*What you should do*. Return the entries exactly. Images are not part of the copy.
Top of Record excerpts
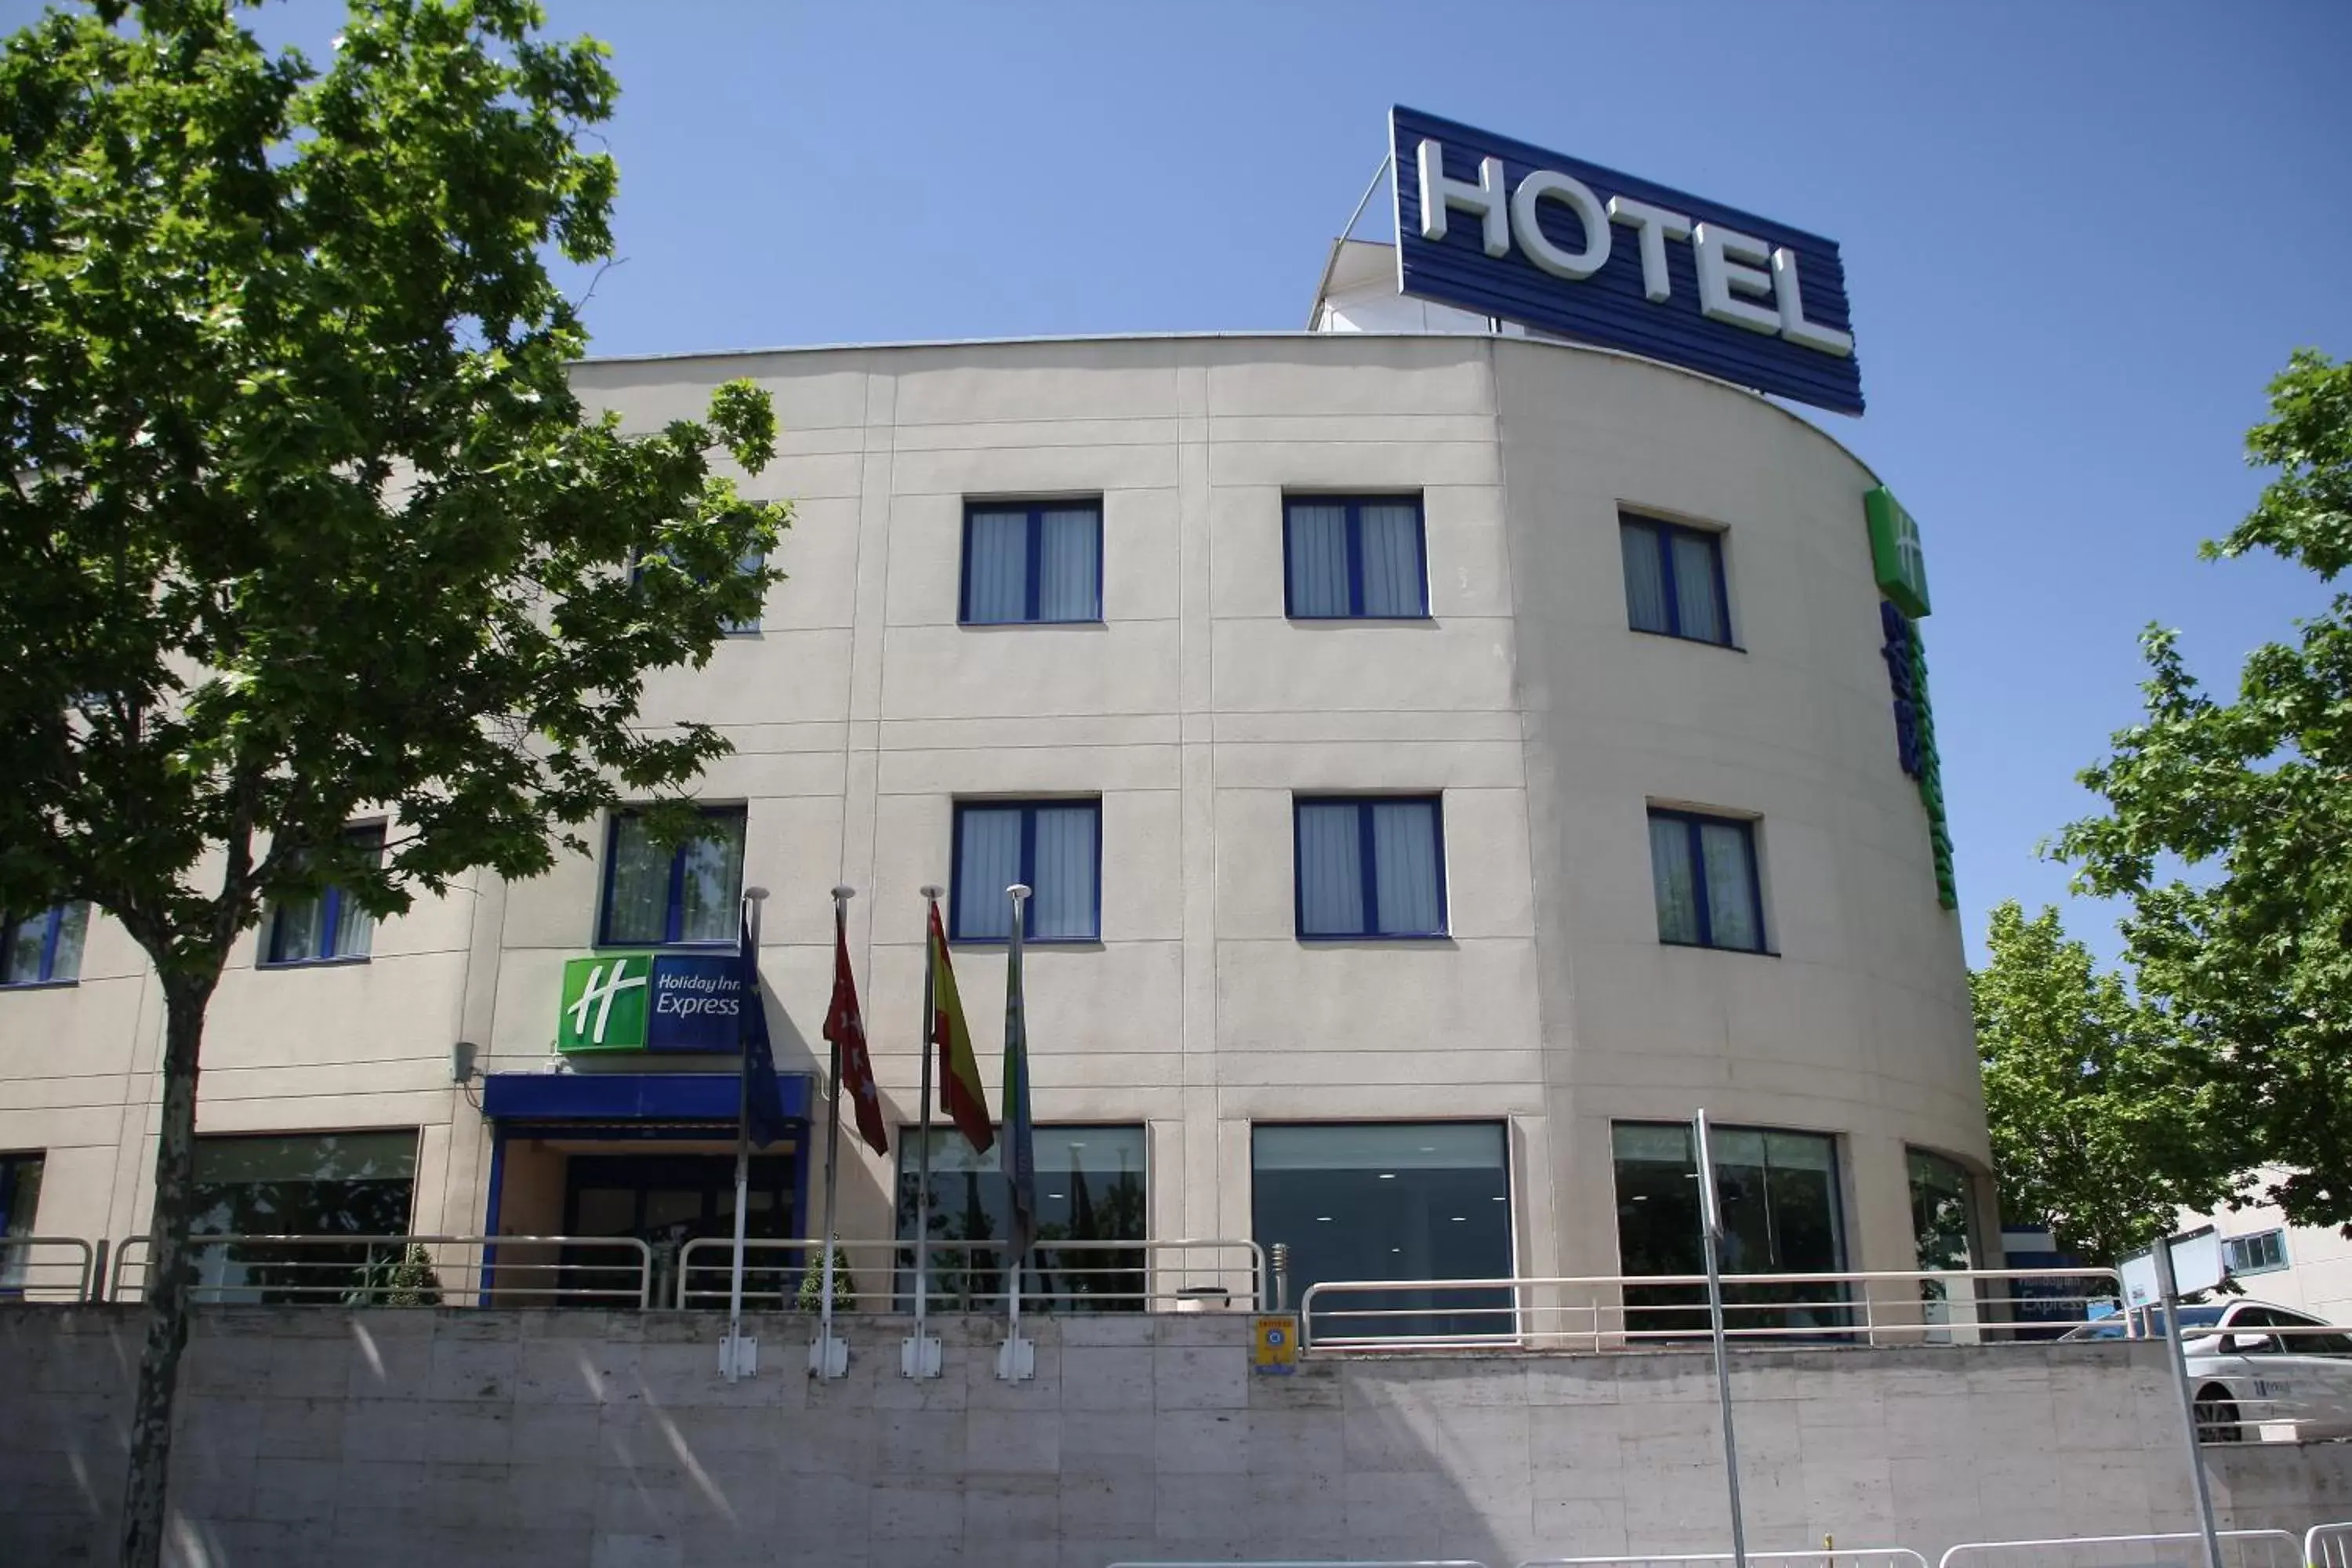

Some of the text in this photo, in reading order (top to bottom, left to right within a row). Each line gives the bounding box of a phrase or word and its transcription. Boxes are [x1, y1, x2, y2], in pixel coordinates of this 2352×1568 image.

[1417, 138, 1853, 358] HOTEL
[659, 974, 717, 993] Holiday
[656, 992, 739, 1019] Express
[2021, 1290, 2083, 1316] Express
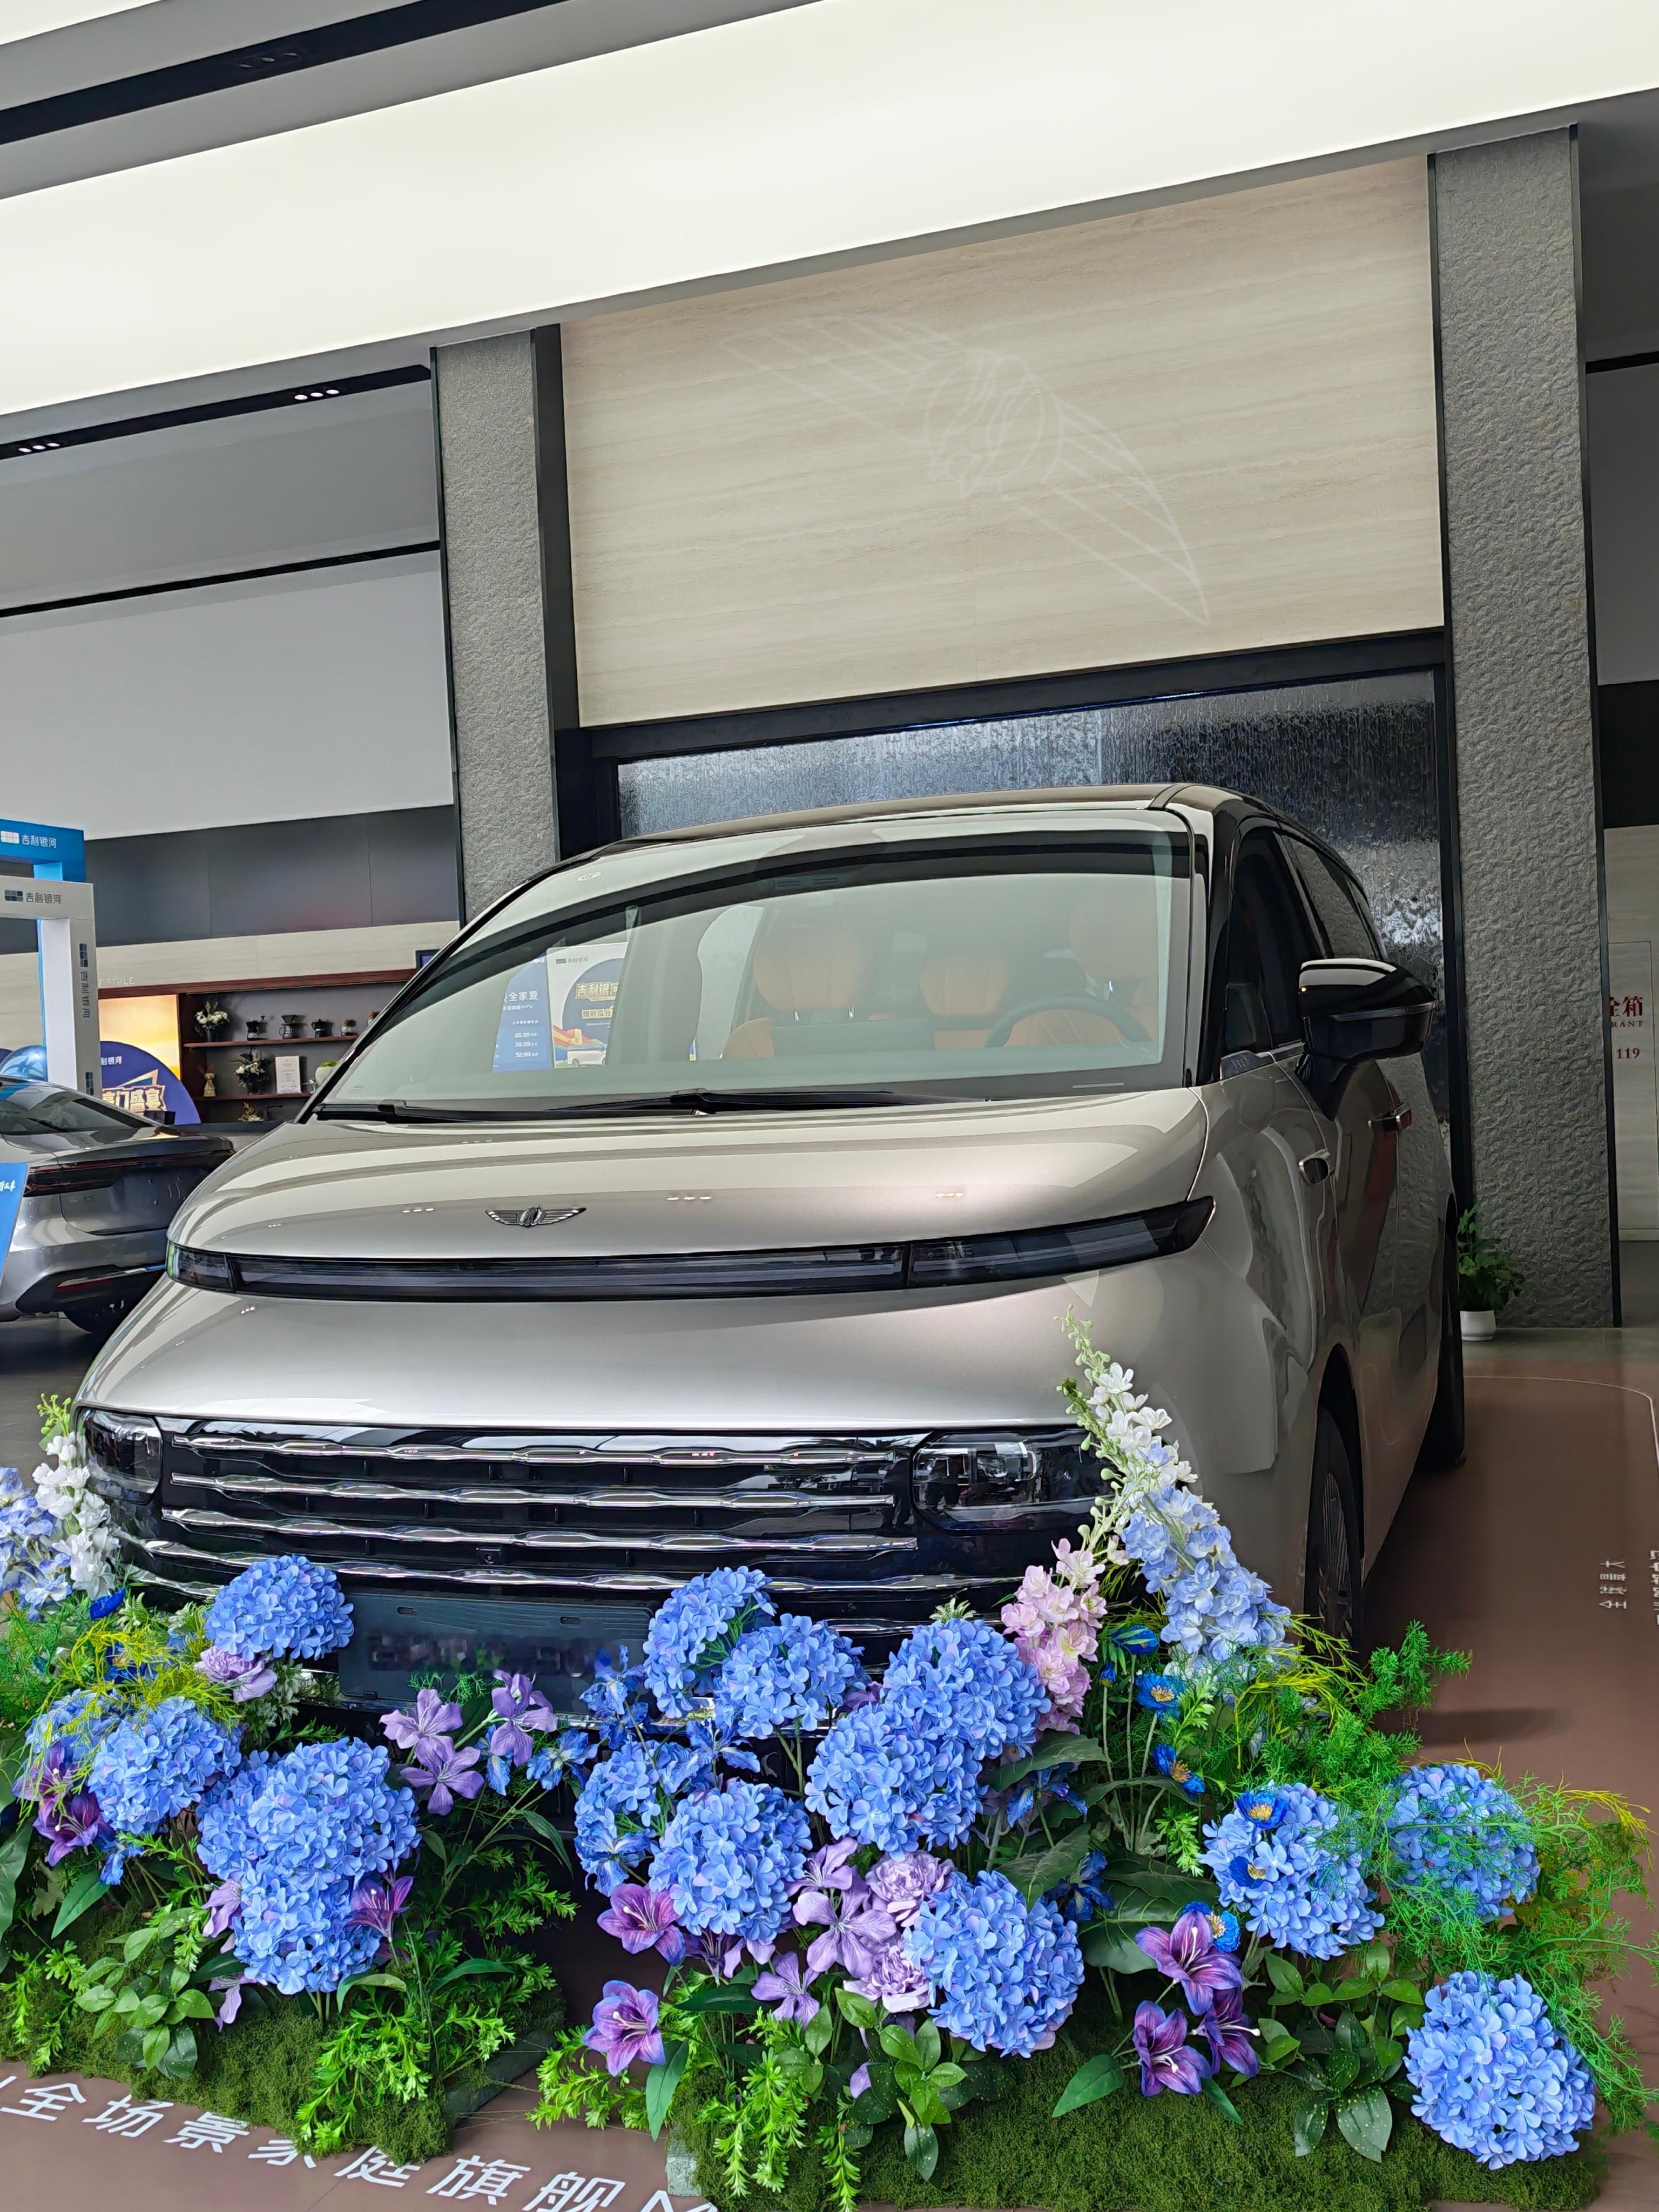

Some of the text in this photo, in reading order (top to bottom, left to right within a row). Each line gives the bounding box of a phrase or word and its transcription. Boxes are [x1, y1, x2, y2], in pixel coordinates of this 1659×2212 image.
Bottom of Record excerpts
*Finished exercise*.
Some of the text in this photo, in reading order (top to bottom, left to right within a row). Each line gives the bounding box of a phrase or word and its transcription. Boxes are [x1, y1, x2, y2], in pixel coordinates of this 2352×1568 image.

[1417, 138, 1853, 358] HOTEL
[659, 974, 717, 993] Holiday
[656, 992, 739, 1019] Express
[2021, 1290, 2083, 1316] Express

Some of the text in this photo, in reading order (top to bottom, left to right within a row). Each line gives the bounding box of a phrase or word and its transcription. Boxes are [x1, y1, x2, y2], in pixel coordinates of this 1659×2212 image.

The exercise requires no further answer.